CSA Global is targeting the Americas to further increase the company’s global reach.

Jeff Elliott


July 14, 2017

The Perth location represents CSA Global’s cornerstone office, but the company has a presence around the world. How do you intend to expand the business geographically?

We acquired a firm called A.C.A. Howe International last year in Toronto that is crucial to bolstering our existing capacity in Canada as part of a broader intent to expand our presence in Latin America and the Americas generally. In general terms, the TSX companies spend most of their money in the Americas, and globally 50% of exploration funds are directed to the region, around 25% of which goes to Latin America. Additionally, several ASX listed companies operate in the area and wanting to accomplish more. Therefore, we are looking at a number of Latin American countries to establish a presence that will enable us to grow our capabilities in that market.

Whilst the Americas is a focus, it is not the only area that we are striving for growth.  Australia, Africa and Europe remain significant and growing markets for us and we are keen to achieve further sustainable growth of market share.  We are investing in Central Asia and the Middle East and we are pleased to see increased activity in SE Asia again.

What is the importance of greenfields exploration to the future of Australian mining and how does CSA Global support this form of exploration?

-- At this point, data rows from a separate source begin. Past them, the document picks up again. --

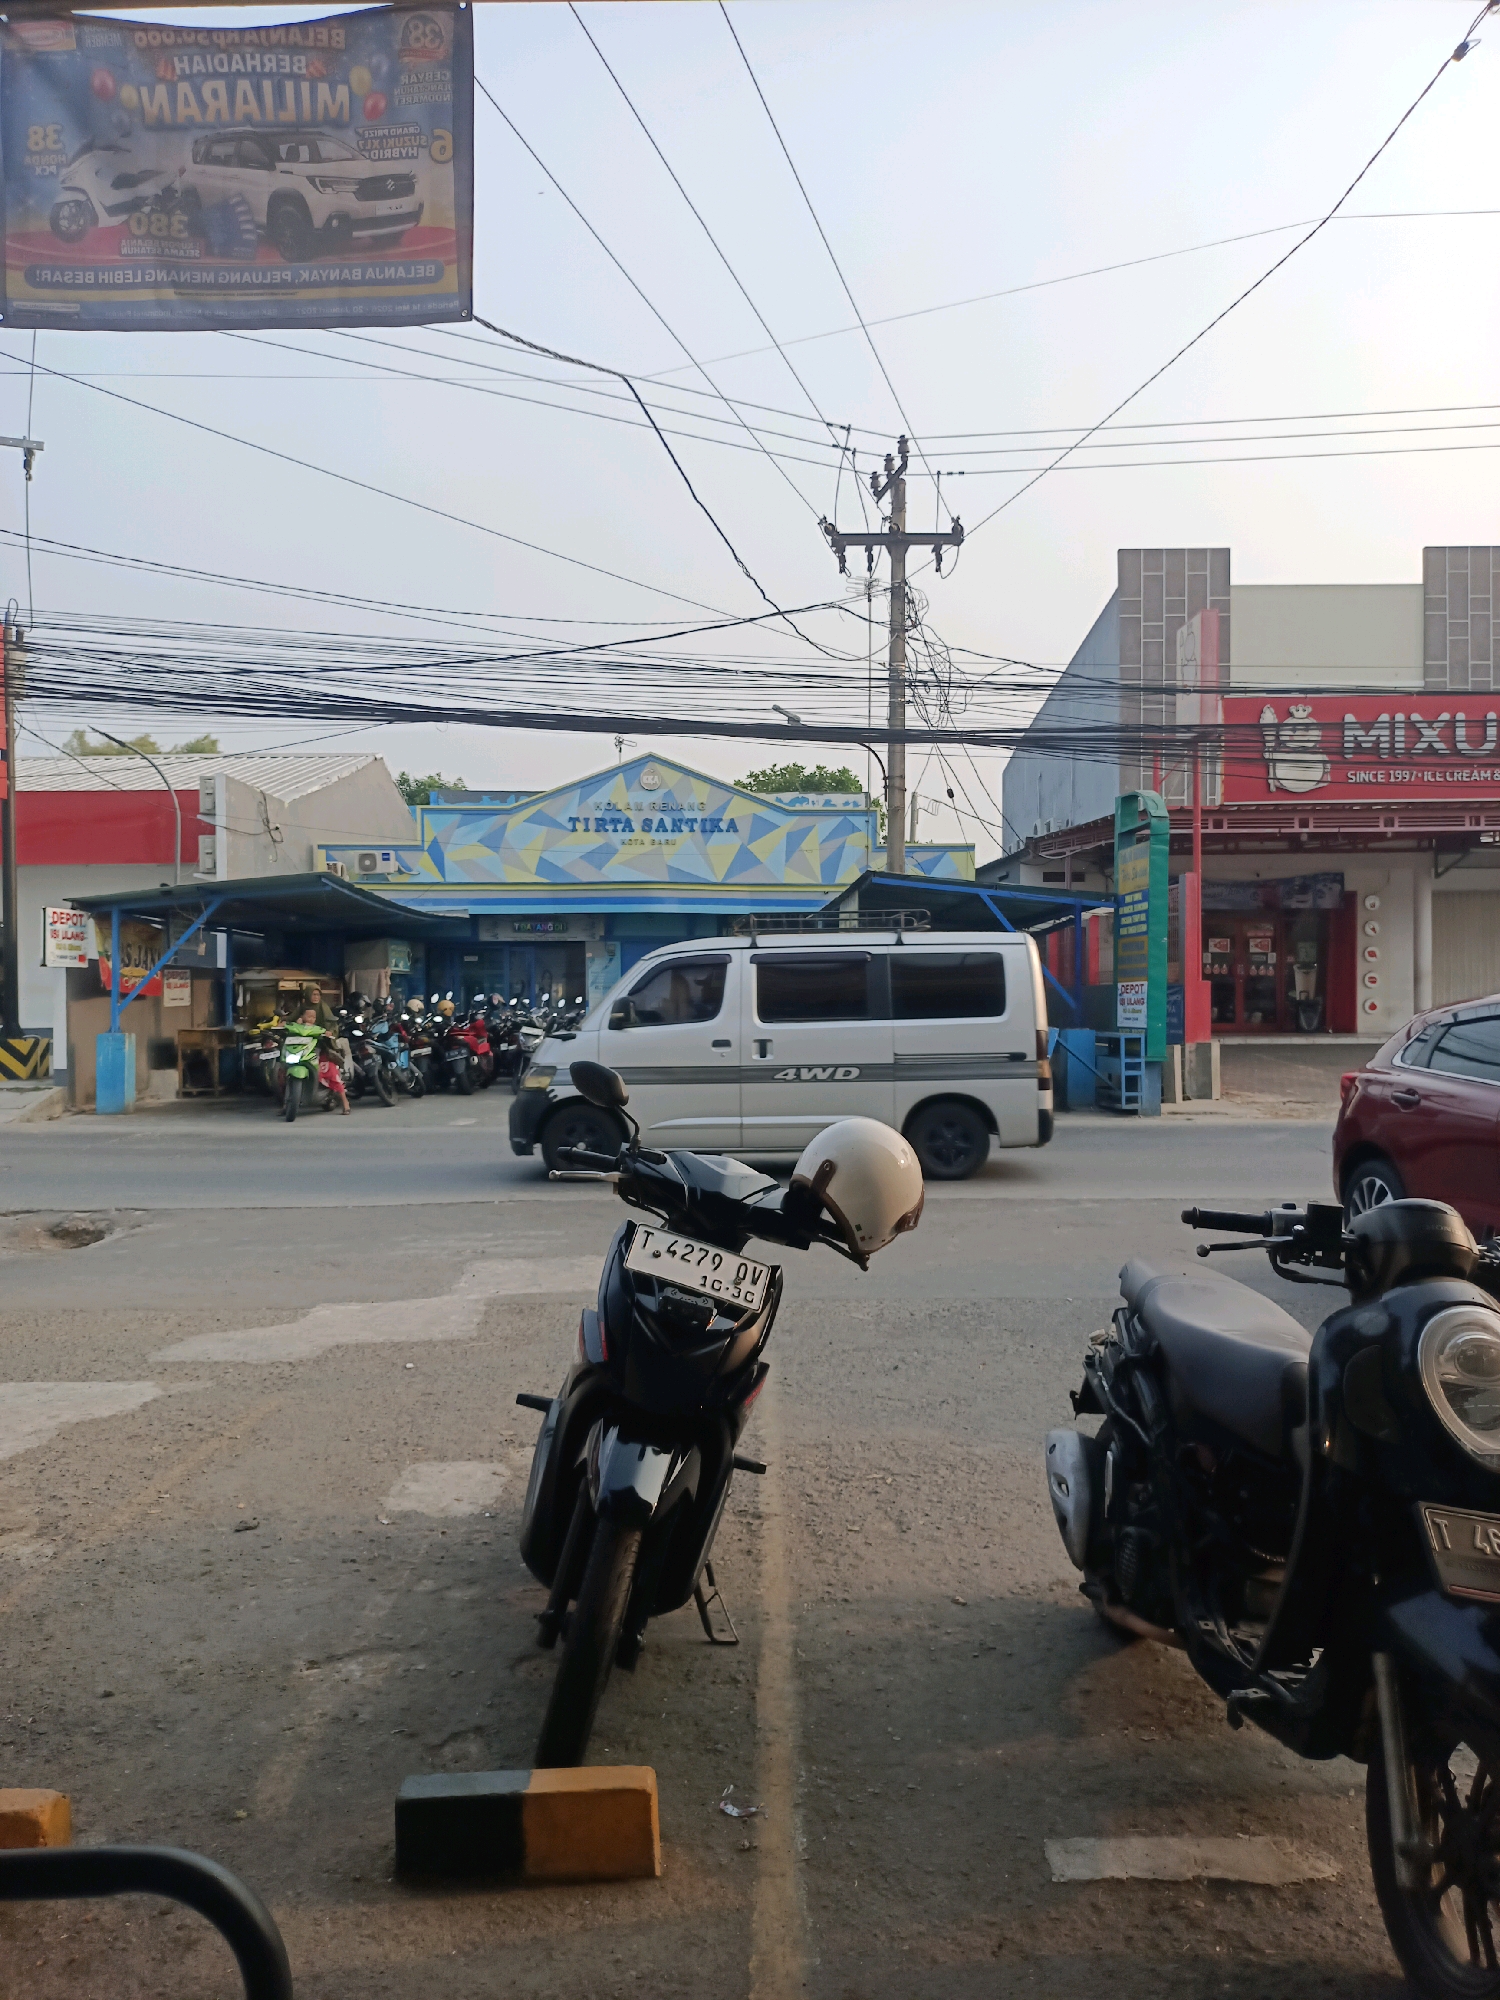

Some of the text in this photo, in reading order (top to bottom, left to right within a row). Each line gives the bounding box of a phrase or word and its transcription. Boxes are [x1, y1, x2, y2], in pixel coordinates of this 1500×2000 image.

[1347, 770, 1386, 783] SINCE
[1423, 769, 1445, 782] ICE
[1445, 767, 1491, 782] CREAM
[594, 801, 707, 811] KOLAM RENANG
[568, 817, 739, 833] TIRTA SANTIKA
[621, 838, 645, 846] KOTA
[51, 911, 85, 926] DEPOT
[61, 930, 85, 942] ULANG
[1121, 984, 1145, 994] DEPOT
[773, 1067, 861, 1081] 4WD
[642, 1230, 655, 1249] T
[666, 1240, 724, 1271] 4279
[1432, 1517, 1452, 1549] T

Greenfields is crucial to the success of any mining industry, and it is critical in Western Australia where there has been a significant reduction in greenfields investment in response to equity markets. Retail and institutional investors are not rewarding companies for taking long-term risks because they want to see near-term cash flow; either through an operating mine or a project that has development potential. To demonstrate that potential, a company must search for extra resources typically by undertaking brownfield exploration to add to the existing project resources. Unfortunately, this does not bode well for the discovery of significant new deposits to replace those currently in the pipeline. The role we play is fostering top talent that aids in conceptual greenfields targeting by providing specific expertise and being a repository of information for companies. We also work with governments to do subcontinental geological studies so that countries can highlight the investment potential of particular regions. A key component to successful regional exploration is government commitment to pre-competitive geoscience data to provide free or low-cost regional information to attract exploration and mining investment.

What outlook does CSA Global have for WA involvement in commodities such as lithium, graphite, and cobalt that have close ties to the renewable energy sector?

Western Australia is very well-endowed for minerals used in the manufacture of batteries, and our geographic proximity to Southeast Asia means we are particularly well-suited to supply the battery manufacturing industry in the region. Beyond our hard rock lithium projects that are being explored and developed, we also have significant nickel-cobalt laterite resources, huge bauxite operations as well as some graphite deposits.

In terms of renewable energy, there has been huge growth in the take up of domestic and industrial solar systems and this increases the demand for the minerals that go into that like silica and bauxite, which Western Australia also contains. With additional (yet small) increases from other renewables such as wind and wave power, the trend for renewable power continues to be upward.  I believe the WA mining industry welcomes this – anything that adds competition or flexibility to the power industry is welcome and the extra transmission lines and batteries require more copper and other minerals – increasing demand, so all good.

How have new innovations improved the industry’s safety standards? 

Augmented reality has been used to enhance safety training and allow better visualization of what the project looks like. Technology enables us to provide a 3D model of the mine that can be viewed on a smartphone. Standing over a site, one can look into the earth and see what the deposit looks like. From a safety perspective, this also allows hazards to be more easily identified. Virtual reality can be used in training to run through different emergency scenarios from the safety of a controlled space, similar, to how pilots are taught in flight simulators. Seeking to improve an individual’s response time and reaction to crises by simulating that an experience will hopefully resulting in better outcomes in the event of an actual incident.

How must the mining industry evolve to keep up with the rapid pace of technology and what role does CSA Global play in aiding that process?

Our clients are increasingly outsourcing more of their IT functions to service providers. Investing too heavily in in-house IT infrastructure risks a greater level of redundancy because the technology changes at such a rapid pace. CSA Global’s own IT used to be part of back-office support, but we now offer IT and technology as a service to augment our technical services.

A large proportion of the mining industry is comprised of juniors that do not have that capacity, and subsequently may be at risk of data loss or cyber-attacks. The top tier accounting firms see this as a huge risk and CSA Global shares this view. An exploration company’s value on the stock exchange is based largely on their data. If that information is not adequately protected or backed up, then millions of dollars that went into collecting that data can be lost. We therefore encourage our clients to move away from older hard drives and server backups to cloud-based services with multi-storage locations and encrypted security. But just as quickly as the solutions are put into place to cope with cyber risk, new threats emerge. It is a very dynamic environment where you have, to be constantly ahead of your game and you should not limit your options.